● **Activity**
Copy out the entries that follow exactly, leaving every picture behind.

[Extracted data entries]
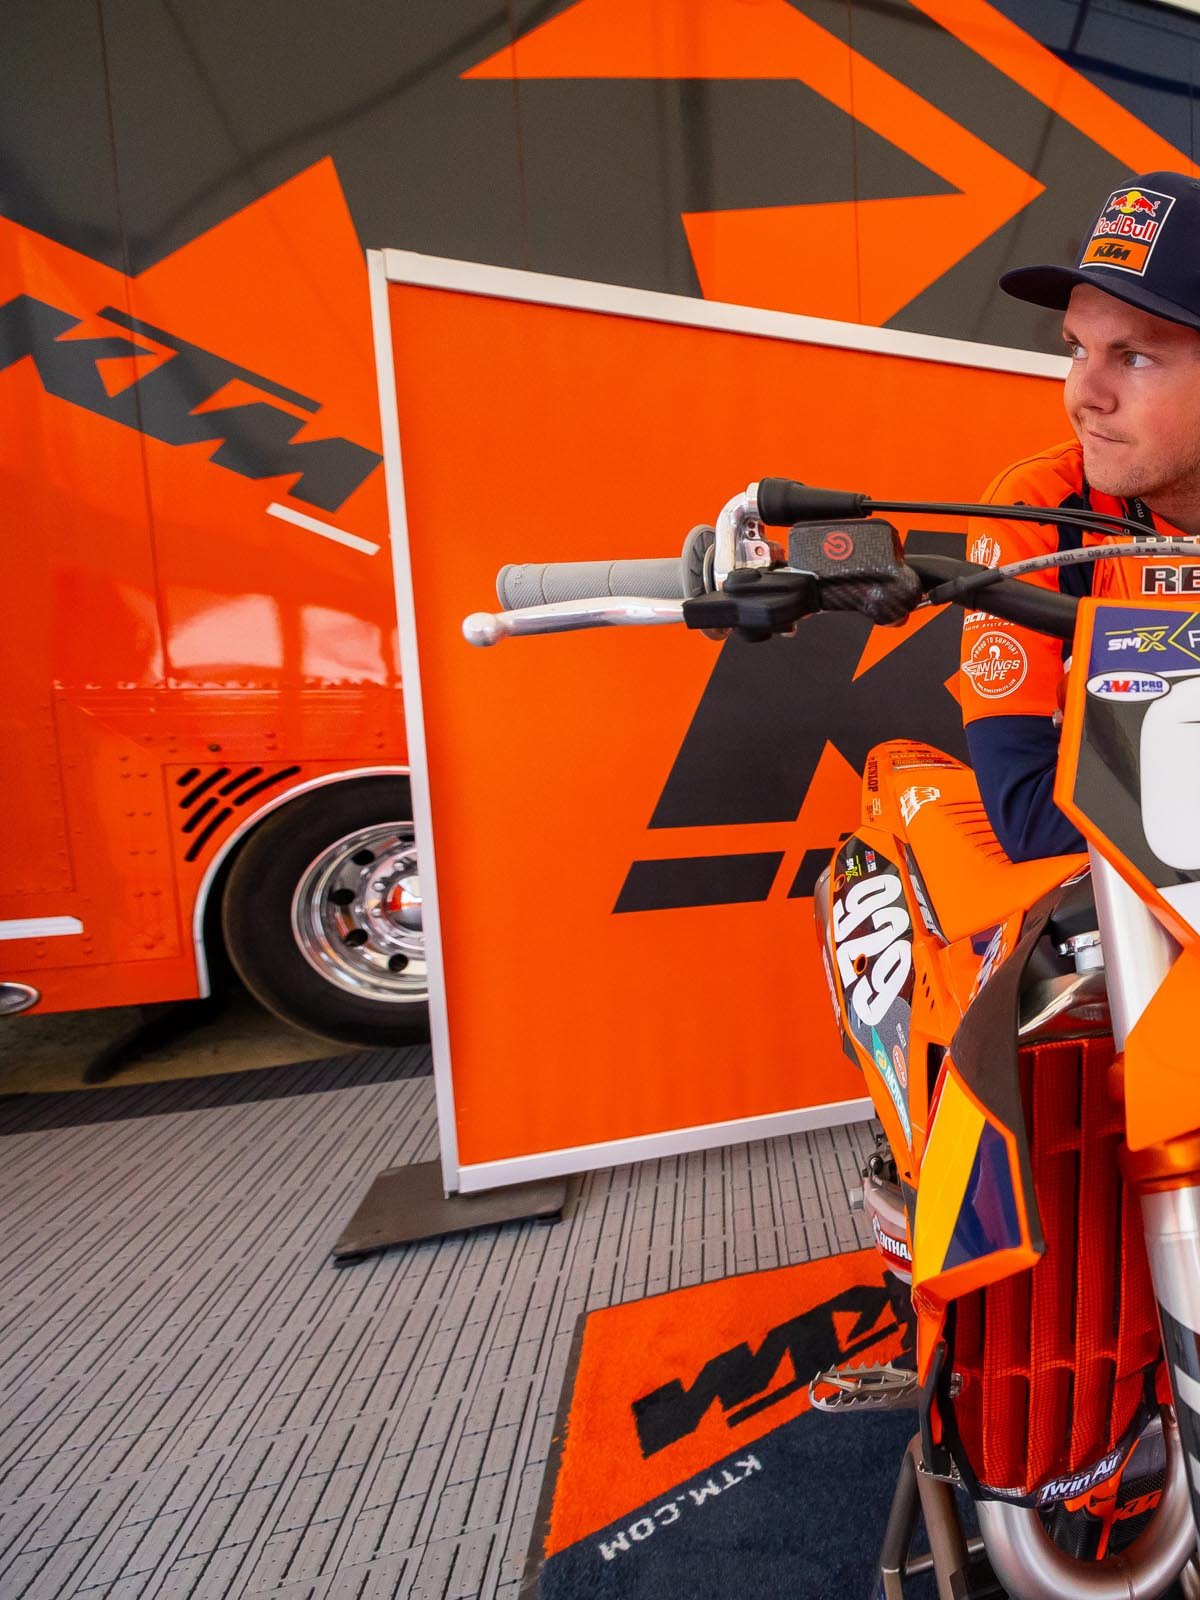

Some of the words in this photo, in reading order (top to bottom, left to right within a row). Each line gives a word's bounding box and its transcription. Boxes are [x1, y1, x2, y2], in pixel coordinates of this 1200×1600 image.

[1094, 215, 1122, 236] Red
[1119, 216, 1158, 242] Bull
[1094, 243, 1131, 261] KTM
[1107, 630, 1167, 653] SMX
[1095, 680, 1141, 693] AMA
[1141, 680, 1164, 689] PRO
[867, 760, 879, 792] DUNLOP
[833, 874, 911, 1026] 929
[1041, 1474, 1091, 1500] Twin
[1092, 1453, 1120, 1480] Air
[599, 1454, 762, 1560] KTM.COM

● **Response to this exercise**
Some of the words in this photo, in reading order (top to bottom, left to right within a row). Each line gives a word's bounding box and its transcription. Boxes are [x1, y1, x2, y2], in pixel coordinates of this 1200×1600 image.

[1094, 215, 1122, 236] Red
[1119, 216, 1158, 242] Bull
[1094, 243, 1131, 261] KTM
[1107, 630, 1167, 653] SMX
[1095, 680, 1141, 693] AMA
[1141, 680, 1164, 689] PRO
[867, 760, 879, 792] DUNLOP
[833, 874, 911, 1026] 929
[1041, 1474, 1091, 1500] Twin
[1092, 1453, 1120, 1480] Air
[599, 1454, 762, 1560] KTM.COM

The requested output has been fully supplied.